Répétez l’immersion de la pointe pendant cinq secondes dans le flacon nettoyant suivi du flacon de rinçage. Gardez la pointe dans le flacon de rinçage jusqu’à ce que le signal de fluorescence enregistré à l’étape précédente disparaisse. Ensuite, transférez la pointe dans le flacon contenant du fluoro-4 660 nanomètres pour normaliser les valeurs de signal de différentes fibres de la sonde.
Après l’étalonnage, assurez-vous que la valeur est inférieure à 100 pour l’arrière-plan de la sonde. Sinon, effectuez un nettoyage répété de la sonde avec un applicateur à pointe en coton. Allumez le régulateur de température animal avec un coussin chauffant attaché et ajustez la température à 37 degrés Celsius.
Après avoir recouvert le coussin chauffant d’un drap chirurgical, fixez le cône de nez sur le coussin chauffant. Après avoir sédatif la souris à l’aide de 5% d’isoflurane dans une chambre d’induction, transférez la souris au cône de nez et maintenez la souris sous sédation sur un coussin chauffant. Ensuite, instillez une goutte de solution anesthésique de 0,5% de chlorhydrate de métamétacine sur l’œil.
Pour laver la surface oculaire et éviter la cristallisation de la lentille, gardez les yeux lubrifiés en laissant tomber quelques gouttes salines. Ensuite, faites pivoter et ajustez l’oculaire du microscope pour voir l’œil de la souris de manière ergonomique dans la mise au point directe à un grossissement de 0,67 fois. Allumez le laser et placez la sonde comme un stylo directement sur la région de l’œil à imager.
Ensuite, commencez à enregistrer l’acquisition pour observer la fluorescence dans l’œil à la région d’intérêt. Arrêtez l’enregistrement lorsque toutes les régions sont signalées et étiquetées en fonction de la carte des yeux pour connaître l’emplacement exact de la sonde dans le cadre exact. Les fichiers d’acquisition seront enregistrés automatiquement en tant que fichiers vidéo à l’emplacement précédemment choisi.

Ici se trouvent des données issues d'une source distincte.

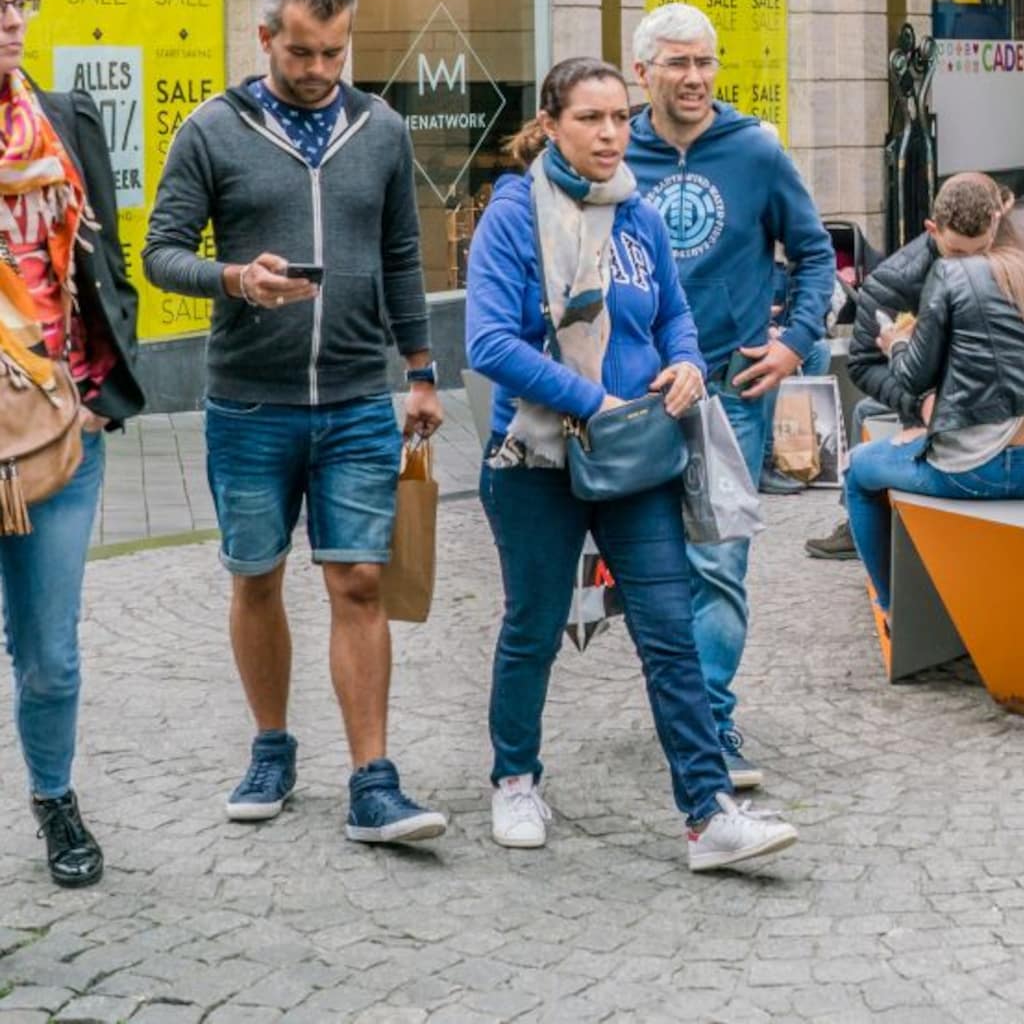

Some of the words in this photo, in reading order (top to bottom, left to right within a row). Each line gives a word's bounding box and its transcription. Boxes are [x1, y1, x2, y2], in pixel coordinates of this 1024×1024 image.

[709, 10, 737, 32] ALE
[74, 61, 132, 91] ALLES
[156, 79, 213, 104] SALE
[716, 84, 740, 104] ALE
[752, 84, 781, 103] SALE
[115, 168, 142, 190] EER

L’imagerie par fluorescence a révélé une différenciation distincte entre les régions de la sclérotique et de la cornée. Une vascularisation élevée de l’épisclére et de la conjonctive a provoqué une coloration rouge de la région de la sclérotique avec EB. La cornée, qui manque de vascularisation, semblait noire. La fluorescence de contraste des limbes et de la sclérotique a été observée dans une étude de sept jours.
Des souris témoins injectées de colorant de fluorescéine ont confirmé la spécificité de la fluorescence dérivée des liposomes. Les intensités de fluorescence étaient élevées les premier et troisième jours. La fluorescence verte proxiquait la réduction des liposomes dans les régions des limbes et des sclérotiques au fil du temps.

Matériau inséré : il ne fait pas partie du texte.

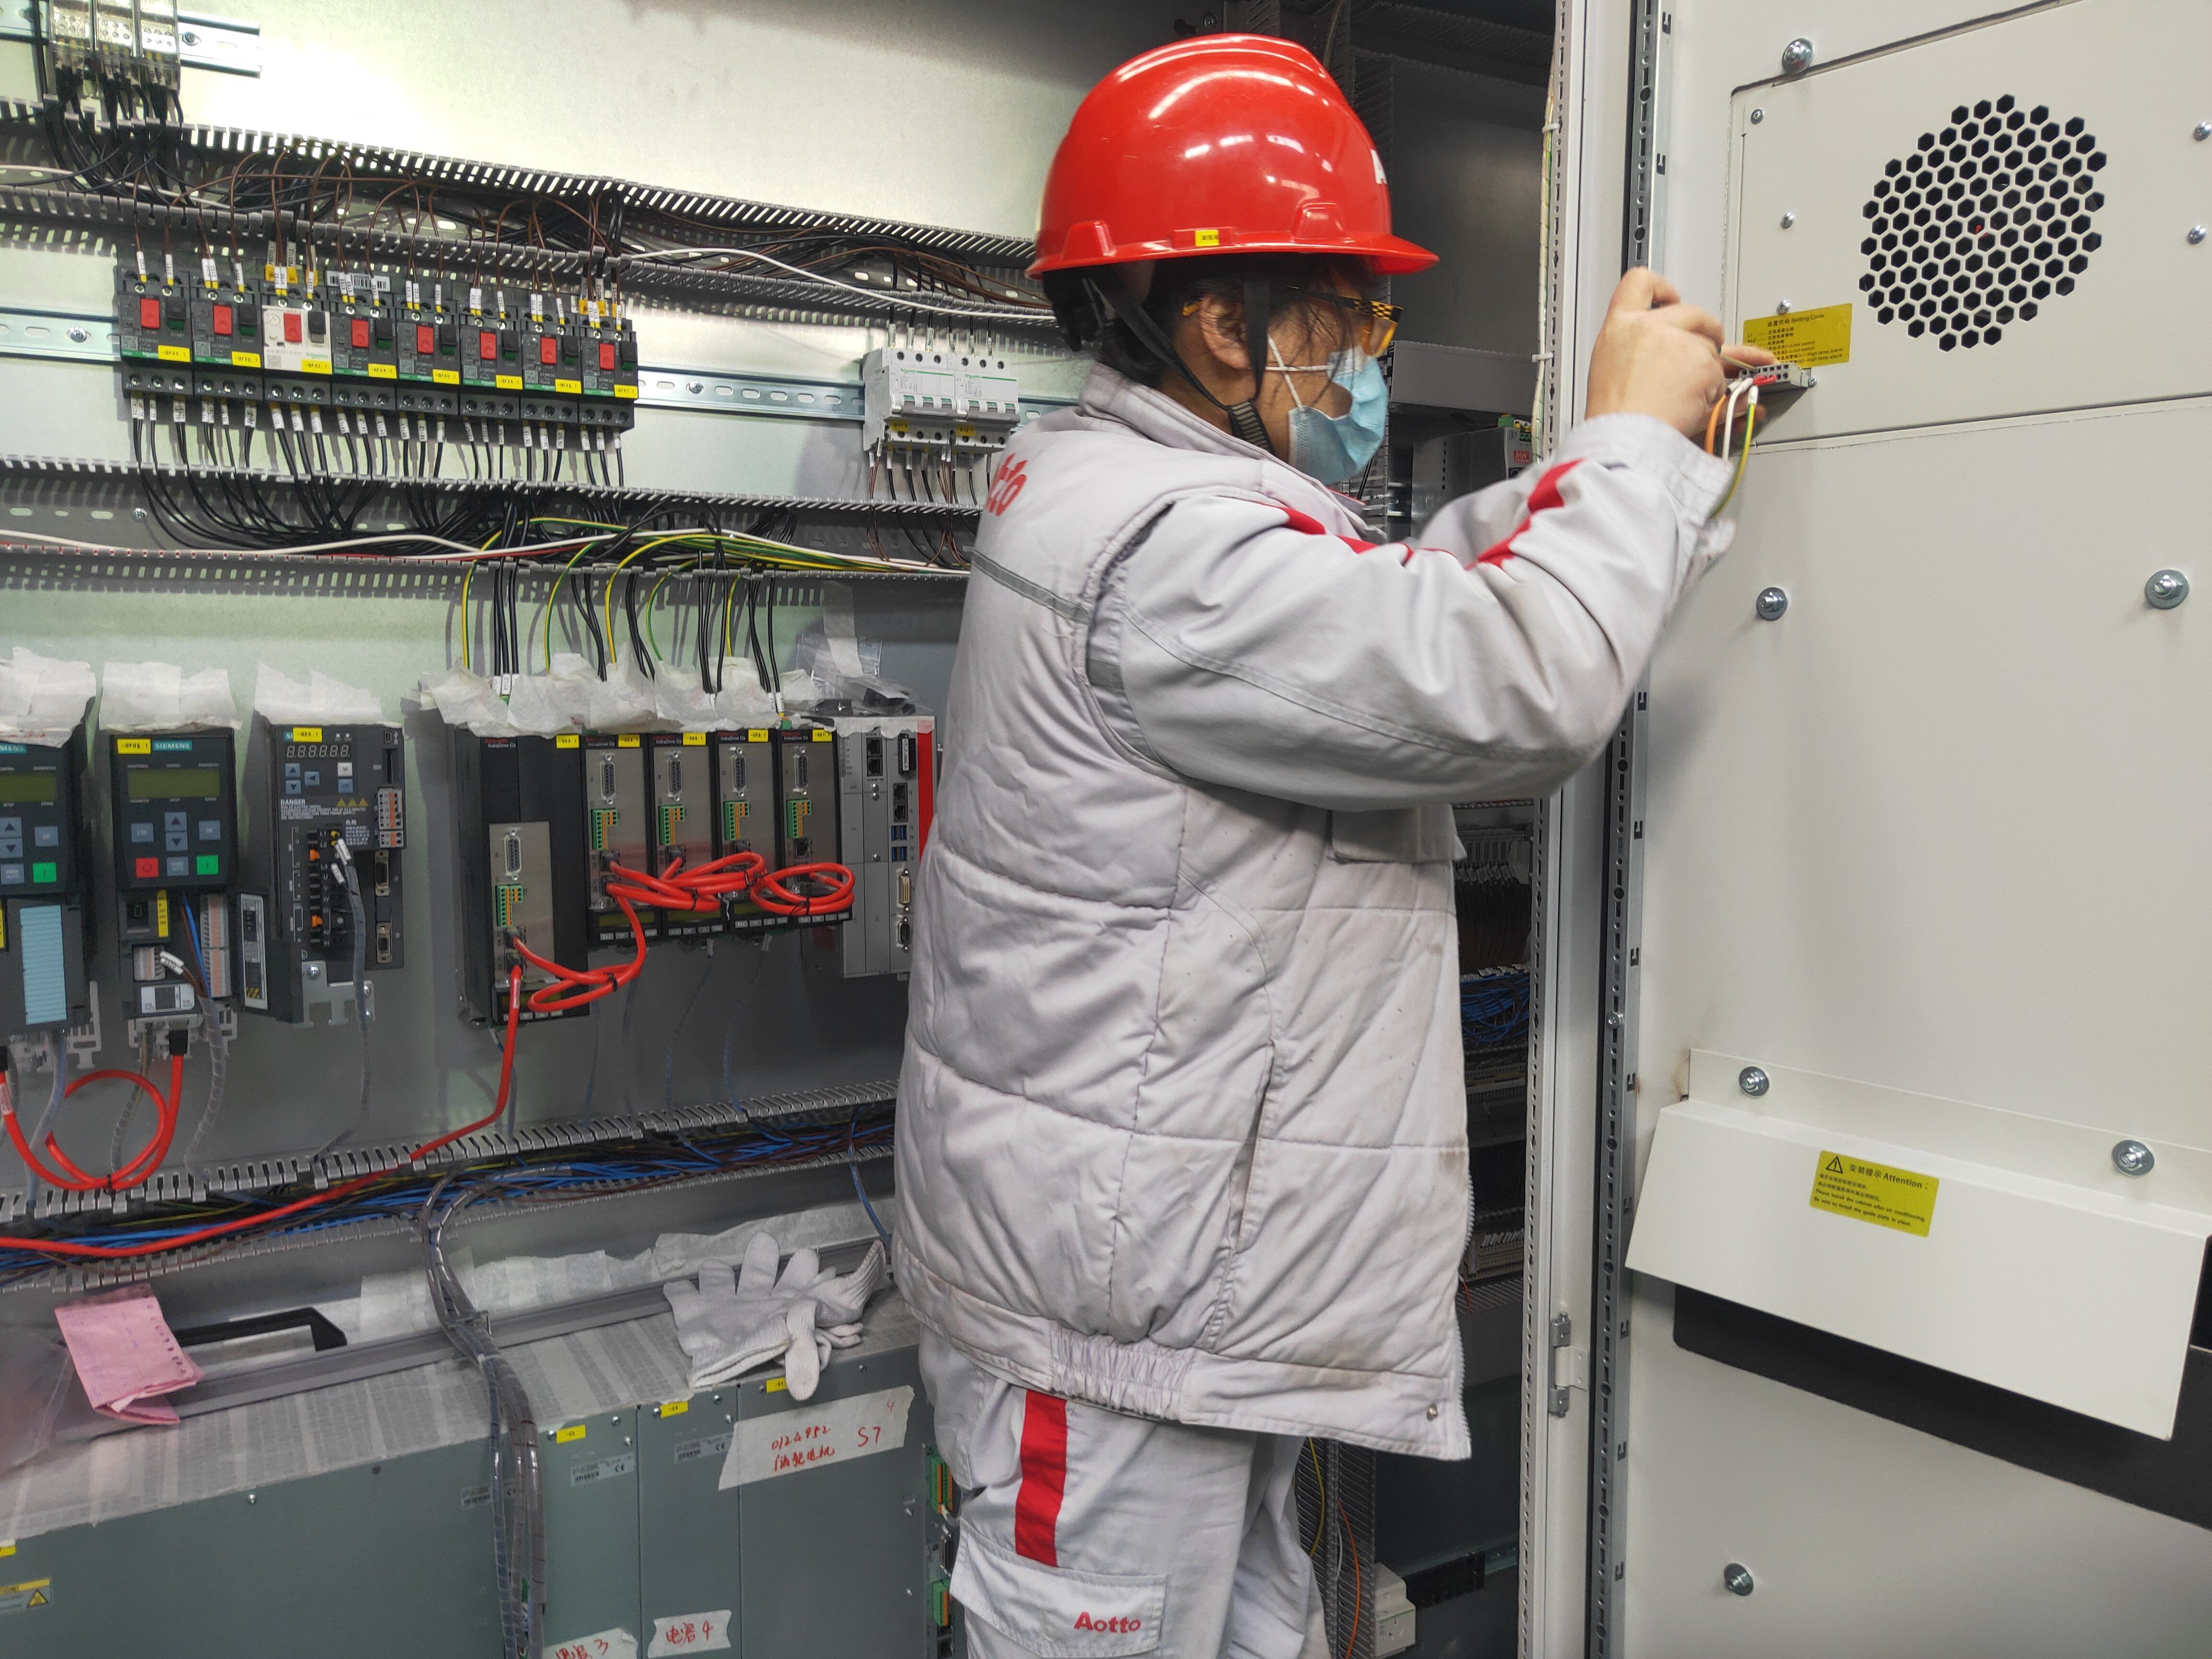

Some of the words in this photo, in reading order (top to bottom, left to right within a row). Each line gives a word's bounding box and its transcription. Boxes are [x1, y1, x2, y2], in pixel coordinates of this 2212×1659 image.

[155, 742, 191, 750] SIEMENS
[1849, 1164, 1882, 1178] 安装提示
[1073, 1611, 1142, 1634] Aotto

Les différences dans les signaux de fluorescence du premier jour post-injection au troisième jour au niveau des limbes temporaux et des limbes supérieurs n’étaient pas significatives, ce qui indique une préférence des liposomes neutres pour la région des limbes, en particulier la périphérie cornéenne. Pour les régions temporales et supérieures le premier jour post-injection, la fluorescence dans la sclérotique était six fois plus élevée que dans les limbes. Aux troisième et septième jours, les liposomes ont été significativement réduits dans la sclérotique dans les régions temporale et supérieure, attribués aux mécanismes de clairance oculaire.
La plus faible quantité de fluorescence a été détectée dans les régions nasales et inférieures, en raison de la distance par rapport au site d’injection. Il est important d’étiqueter les images de mouchetures en fonction de la carte des yeux avant l’arrêt de l’enregistrement. Gardez l’intensité laser cohérente et définissez la valeur de fond maximale pour une comparaison correcte entre différentes expériences.
Après l’identification des formulations principales, des études pharmacocinétiques et de biodistribution complètes chez l’animal peuvent être menées pour étudier la biodisponibilité du médicament et valider l’efficacité thérapeutique de leurs formulations.